US DOT approval was granted in 1994 for codeshare services with USAir to 65 American destinations. Loganair in Scotland became a British Airways franchise carrier operating as British Airways Express. Following the investment in QANTAS the two carriers operations on the Kangaroo route were more closely aligned. Club Europe was launched. Concorde services to Washington were withdrawn. GB Airways in Gibraltar became a franchise carrier operating in BA Livery

1995 saw Manx Airlines Europe become a franchise carrier. Caledonian Airways was sold off along with the final five TriStars. A deal was reached with the US government for further codeshare operations and double daily flights to Philadelphia. Several services to Central and East Africa moved from Heathrow to Gatwick. The Joint Services Agreement (JSA) was signed between BA and QANTAS for services between Europe and Australia with schedules being coordinated and revenues shared. The first Boeing 777s entered the fleet beginning service to Dubai and Abu Dhabi.

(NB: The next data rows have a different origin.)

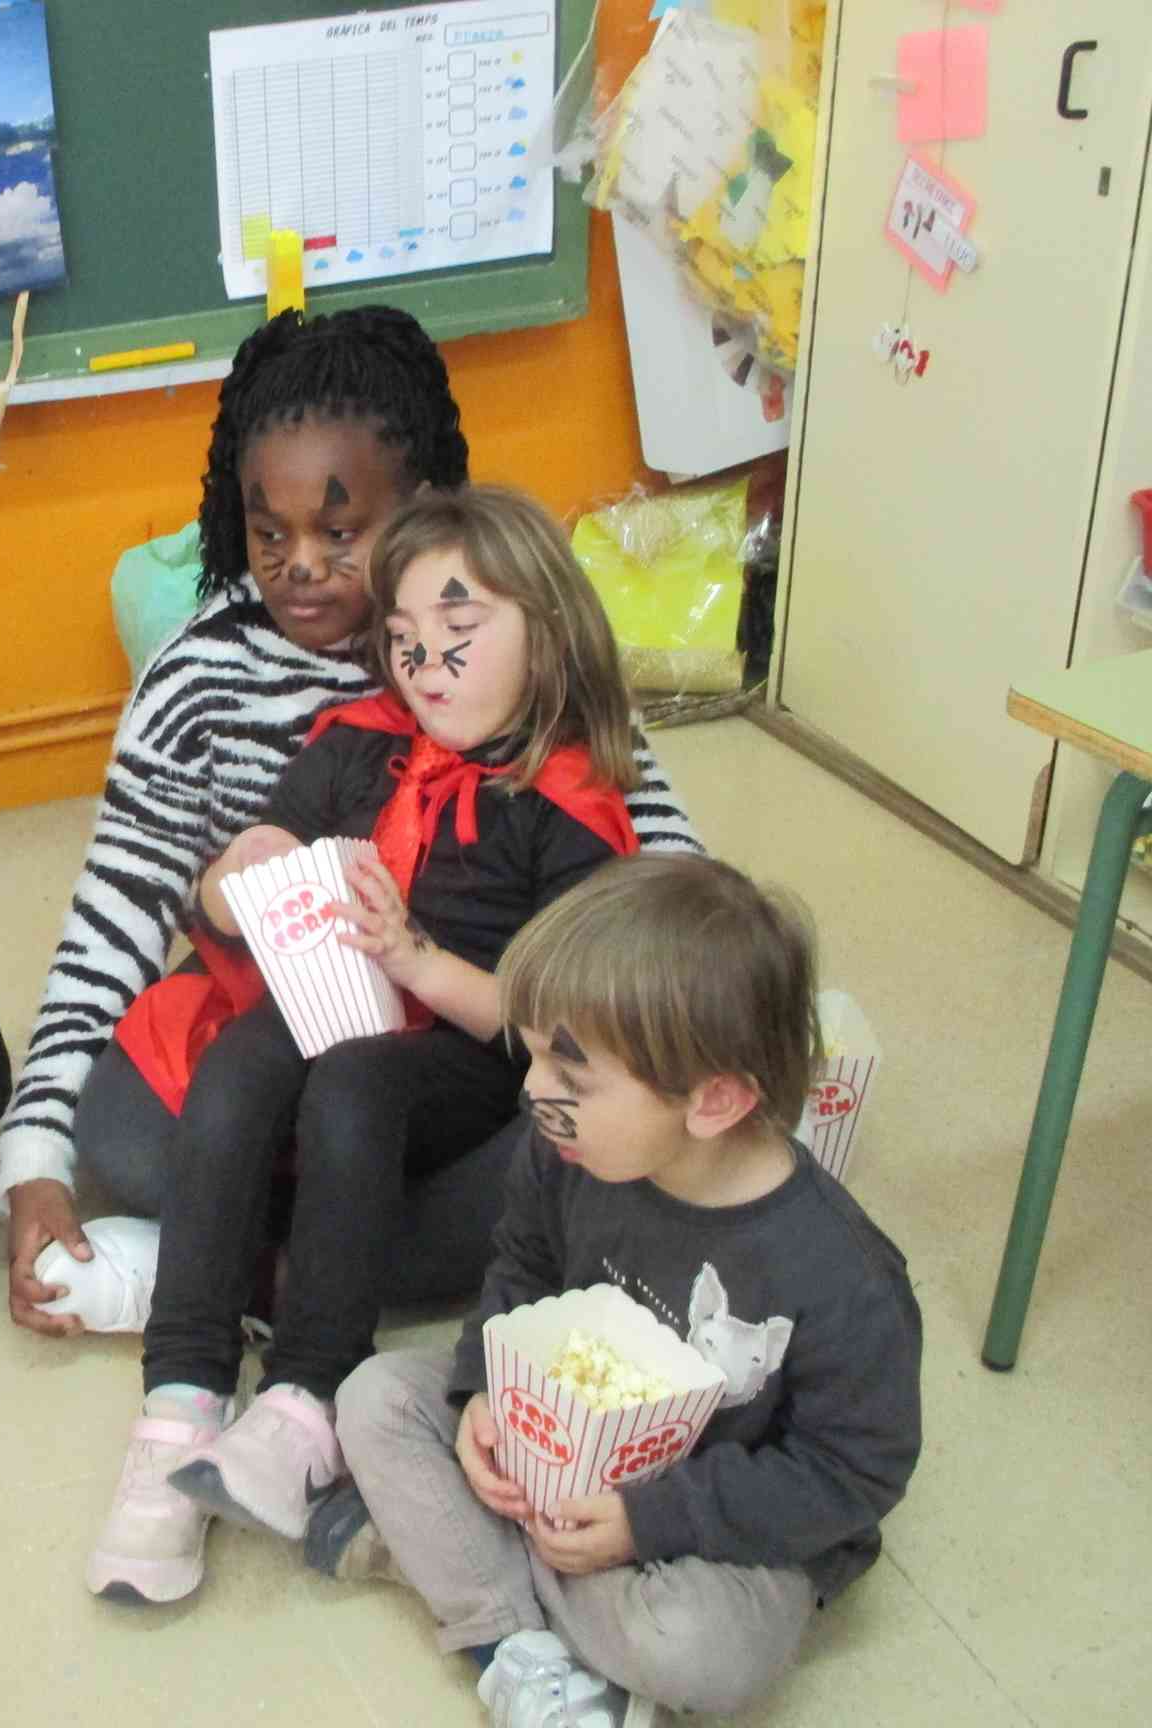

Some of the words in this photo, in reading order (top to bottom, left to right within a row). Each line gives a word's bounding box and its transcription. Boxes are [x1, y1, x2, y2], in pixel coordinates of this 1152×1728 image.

[268, 890, 313, 929] POP
[511, 1392, 556, 1433] POP
[508, 1411, 568, 1459] CORN
[617, 1427, 677, 1461] POP
[609, 1440, 684, 1479] CORN
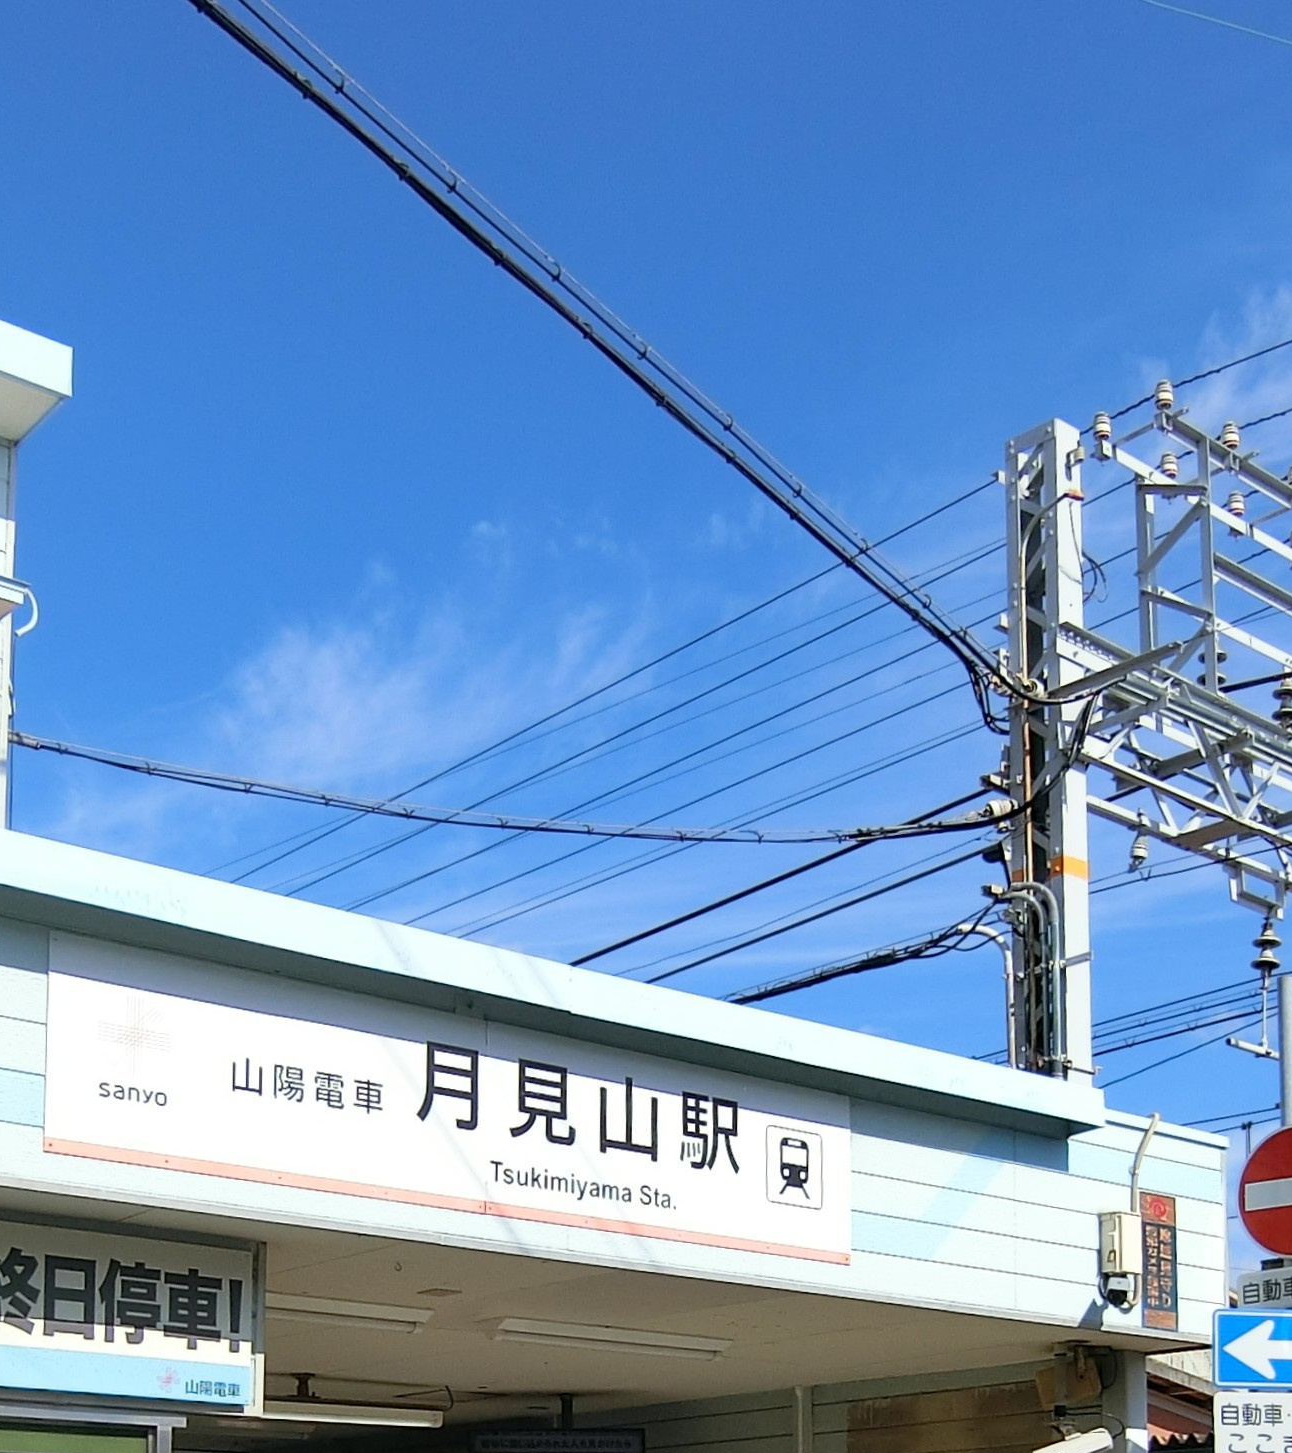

The first two franchise agreements were signed with airlines based outside the UK in 1996. Sun-Air of Denmark and Comair of South Africa would operate in BA livery with BA flight numbers with Sun-Air using the British Airways Express brand. This deal saw the Boeing 727-200 fly in BA colours for the first time as Comair had two of these machines. Robert Ayling became chief executive and announced a Business Efficiency Programme aimed at saving £1 Billion over three years. BA and Canadian Airlines announced a deal codesharing on certain services and reciprocal frequent flyer earning. Plans for a similar deal with American Airlines was announced. USAir announced its intention to end its codesharing agreements with BA. Latin American services switched from London Heathrow to London Gatwick. Airlines of Britain group took over six Highlands and Islands services on a franchise basis.